The Role of Trading Bots
Maybe the real problem is the trading bots—buy first, analyse later. Is that what’s going on here? Some of these reactions have been absolutely knee-jerk, with Westpac (WBC)—one of the most overanalysed stocks in existence—getting whacked by 5%-plus. Back in the day, companies would discreetly ‘whisper sweet nothings’ into an analyst’s ear to make sure they weren’t about to make fools of themselves. Now? Forget getting them on the same page—they’re not even in the same book.
The Decline of Analyst Research
Are Analysts Still Relevant?
Have we really reached a point where research is so bad that major stocks are moving like meme stocks? Sure, you expect chaos in heavily shorted names like AD8—low coverage, plenty of surprises. But BEN or WBC? That’s not supposed to happen. Analysts get paid obscene amounts of money to model these companies, yet they seem to be consistently gobsmacked by earnings season, like goldfish discovering the same plastic castle in their tank over and over.
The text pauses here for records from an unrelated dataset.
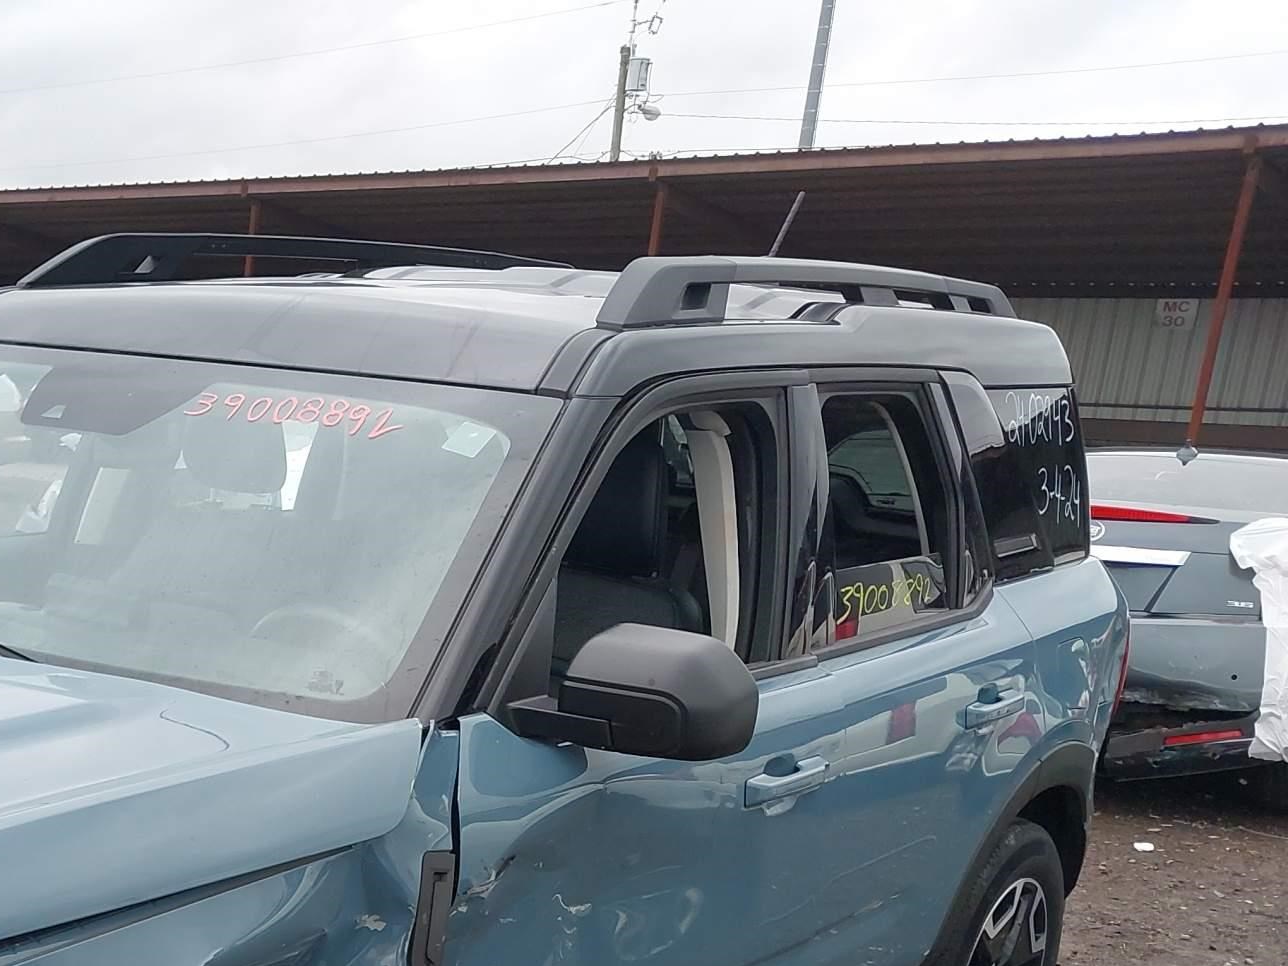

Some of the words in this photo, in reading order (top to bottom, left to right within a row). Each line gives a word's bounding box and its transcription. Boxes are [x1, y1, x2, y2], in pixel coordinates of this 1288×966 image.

[1162, 315, 1185, 328] 30
[1163, 300, 1191, 313] MC
[183, 391, 404, 440] 39008892
[1037, 464, 1081, 529] 3-4-24
[836, 573, 934, 626] 39008892
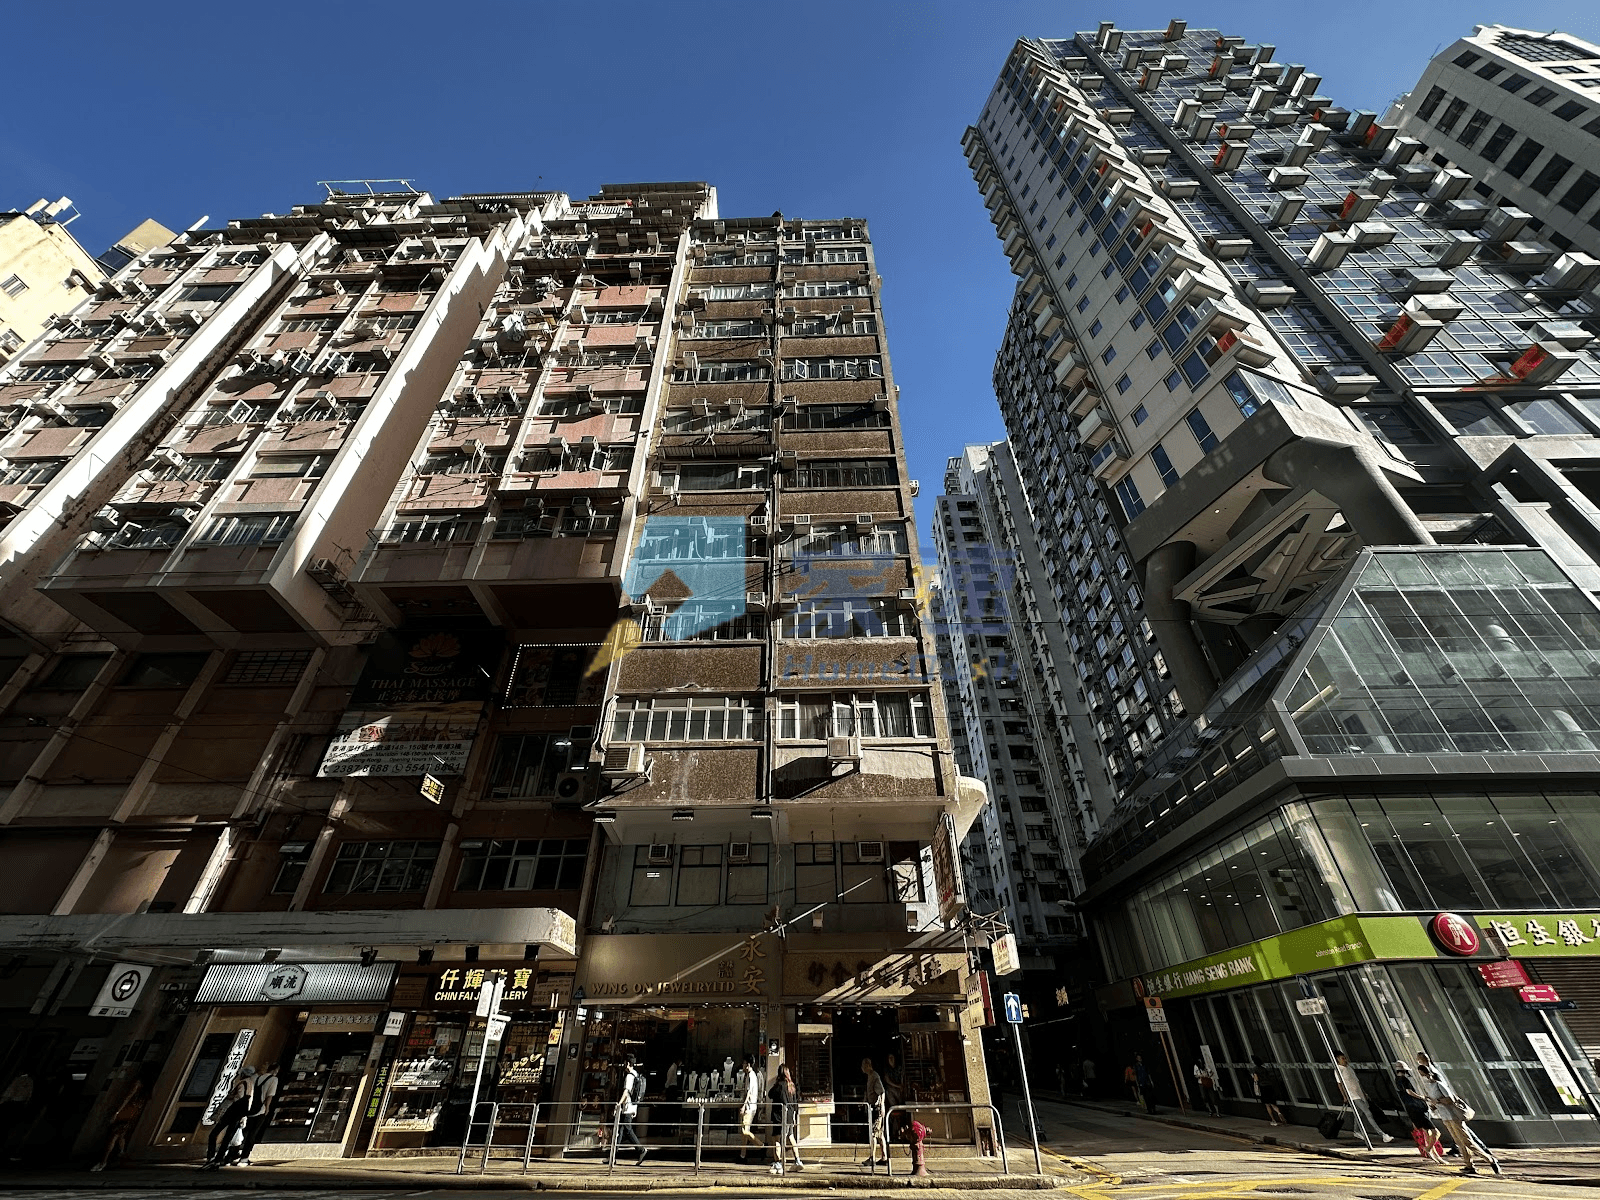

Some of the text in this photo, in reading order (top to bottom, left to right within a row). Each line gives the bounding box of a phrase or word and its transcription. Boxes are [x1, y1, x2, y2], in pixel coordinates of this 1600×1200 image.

Compliance and ‘Confession Season’
Maybe compliance is partly to blame—no one wants to be caught passing along those old-school “whispers.” But come on, there are plenty of ways to give analysts a clue. We even have a name for it: ‘confession season.’ And yet, here we are, with BEN tanking 17%. Of course, the stock had already been up 30% in a year, thanks to the sector-wide bubble.
The Investor Perspective
A Rollercoaster Ride
For investors, it’s like riding a rollercoaster blindfolded—thrilling, nauseating, and potentially disastrous. Now that the cat’s out of the bag, the real question is: has the bank bubble burst with BEN and WBC? If nothing else, it proves just how good the CBA result was. And don’t even get me started on how spectacularly wrong the entire analyst community was on that one!
The Analyst Paradox
I once described analysts as nuclear weapons. You only have them because everyone else has them. They are bloody expensive, don’t really do anything, and if you do use them, then the consequences are too dire to really contemplate. Best place for them is Nebraska perhaps! Or Greenland maybe!